2 Stocks I'll Be Buying When the Market Crashes Again | The Motley Fool (2024)

Table of Contents
1. GrowGeneration 2. Adobe FAQs

The market surge last month brought the Dow Jones Industrial Average hit 30,000 for the first time in its history. But underneath all that bullishness lay concerns that a market correction could be coming soon, especially since the real economy is still shaky. More than 6 million people in the U.S. are collecting unemployment benefits compared to less than 2 million people this time last year, and many of those lost jobs won't return even after the coronavirus pandemic is over.

The disconnect between what's happening in the markets and the true state of the economy could wind up being resolved by a Wall Street crash, especially given how expensive some stocks are right now. And if that happens, there are two growth stocks that I'll be looking to buy: GrowGeneration (GRWG 2.83%) andAdobe(ADBE 2.38%).

1. GrowGeneration

Through the use of hydroponics systems, cannabis growers can efficiently cultivate their crops without the need for soil, and in less space than would be required for a greenhouse or garden. That efficiency is a key factor that has driven both small growers and large-scale operators to favor such systems, and it explains why GrowGeneration's business has been booming this year. In the first nine months of 2020, the company posted sales of $131.4 million -- well more than double the $54.3 million that it reported during the same period in 2019.

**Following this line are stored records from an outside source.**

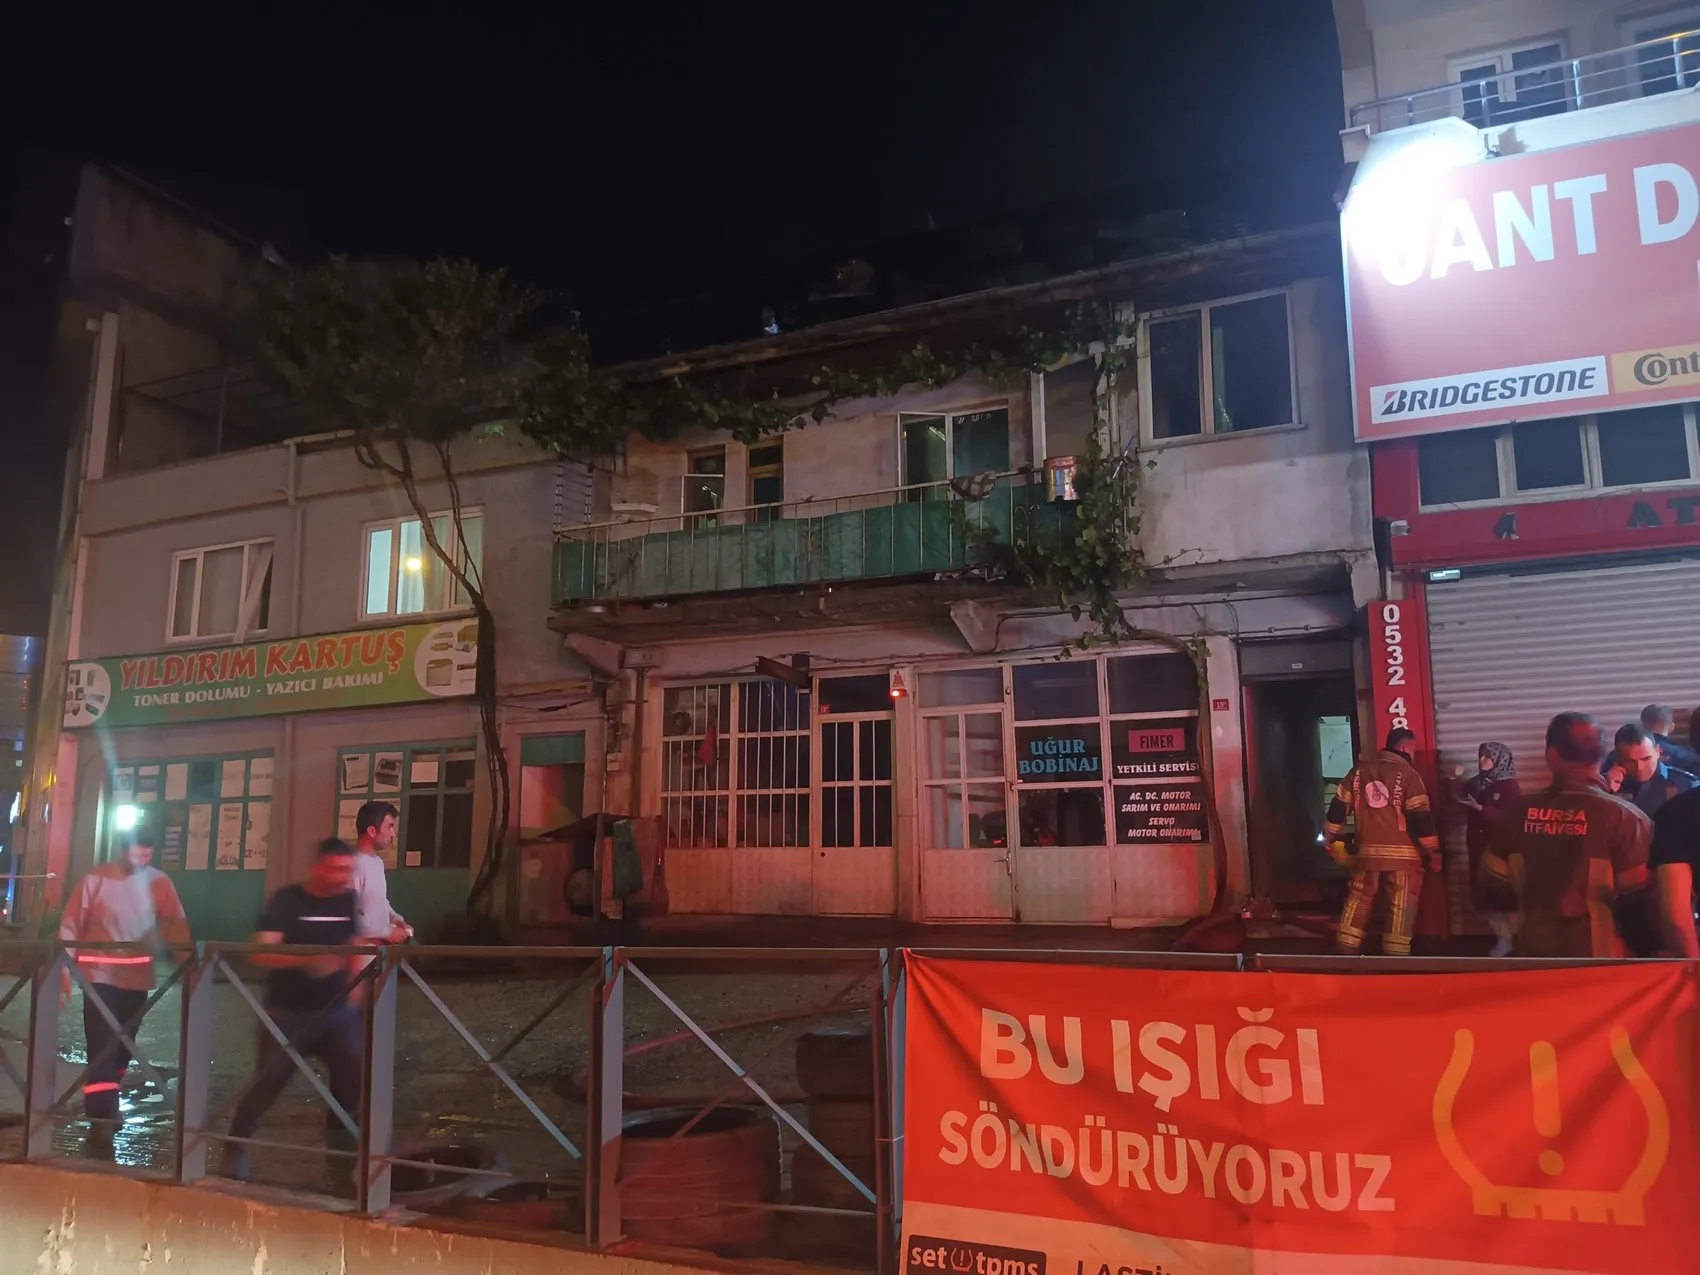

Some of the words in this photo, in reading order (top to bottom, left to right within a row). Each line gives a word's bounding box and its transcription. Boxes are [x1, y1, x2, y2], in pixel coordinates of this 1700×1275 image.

[1633, 352, 1700, 386] Cont
[1381, 367, 1596, 416] BRIDGESTONE
[1383, 604, 1405, 686] 0532
[120, 646, 257, 691] YILDIRIM
[264, 629, 407, 679] KARTUŞ
[133, 692, 180, 707] TONER
[185, 685, 251, 704] DOLUMU
[266, 678, 316, 696] YAZICI
[323, 671, 384, 690] BAKIMI
[1030, 737, 1086, 756] UĞUR
[1140, 735, 1174, 749] FIMER
[1019, 755, 1099, 775] BOBİNAJ
[1116, 762, 1157, 774] YETKİLİ
[1161, 791, 1191, 800] MOTOR
[1121, 803, 1148, 812] SARIM
[1150, 803, 1161, 811] VE
[1163, 803, 1201, 811] ONARIMI
[1527, 807, 1587, 822] BURSA
[1148, 818, 1175, 826] SERVO
[1128, 829, 1157, 837] MOTOR
[980, 1007, 1085, 1085] BU
[1110, 1006, 1324, 1113] IŞIĞI
[938, 1100, 1395, 1212] SÖNDÜRÜYORUZ
[911, 1246, 947, 1269] set
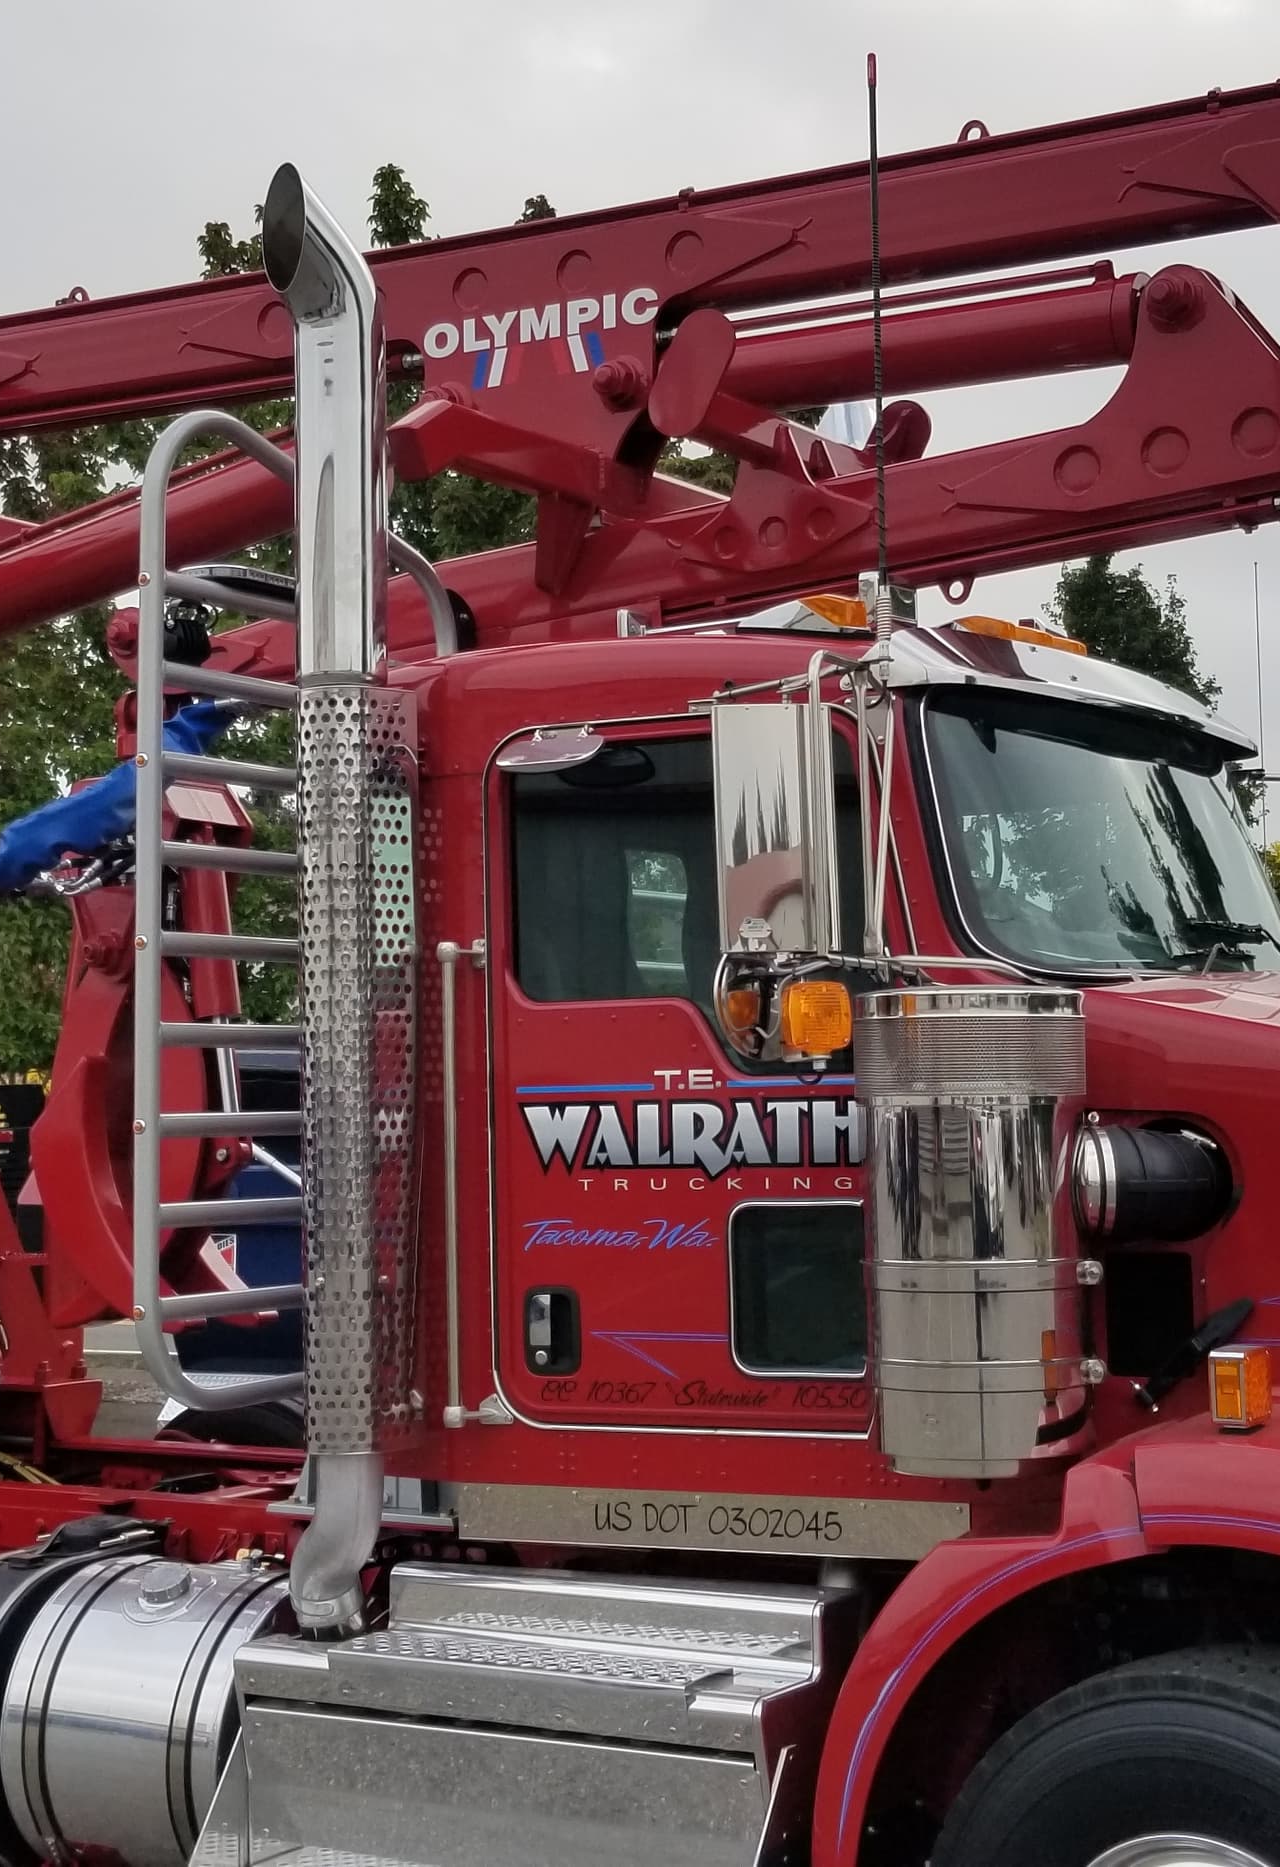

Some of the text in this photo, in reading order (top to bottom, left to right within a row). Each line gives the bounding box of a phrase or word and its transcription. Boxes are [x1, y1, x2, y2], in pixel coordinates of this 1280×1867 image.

What makes GrowGeneration an even more appealing buy now is that in November, voters in four more states passed initiatives to legalize recreational marijuana -- Arizona, Montana, New Jersey, and South Dakota. In Mississippi, residents voted to legalize medical marijuana. These changes will only boost demand for GrowGeneration's products. When the company released its third-quarter results on Nov. 11, it raised its guidance. Management now projects its 2021 revenue will land in the $280 million to $300 million range. That would be a more than 50% improvement from the $185 million to $190 million in sales it's expecting this year.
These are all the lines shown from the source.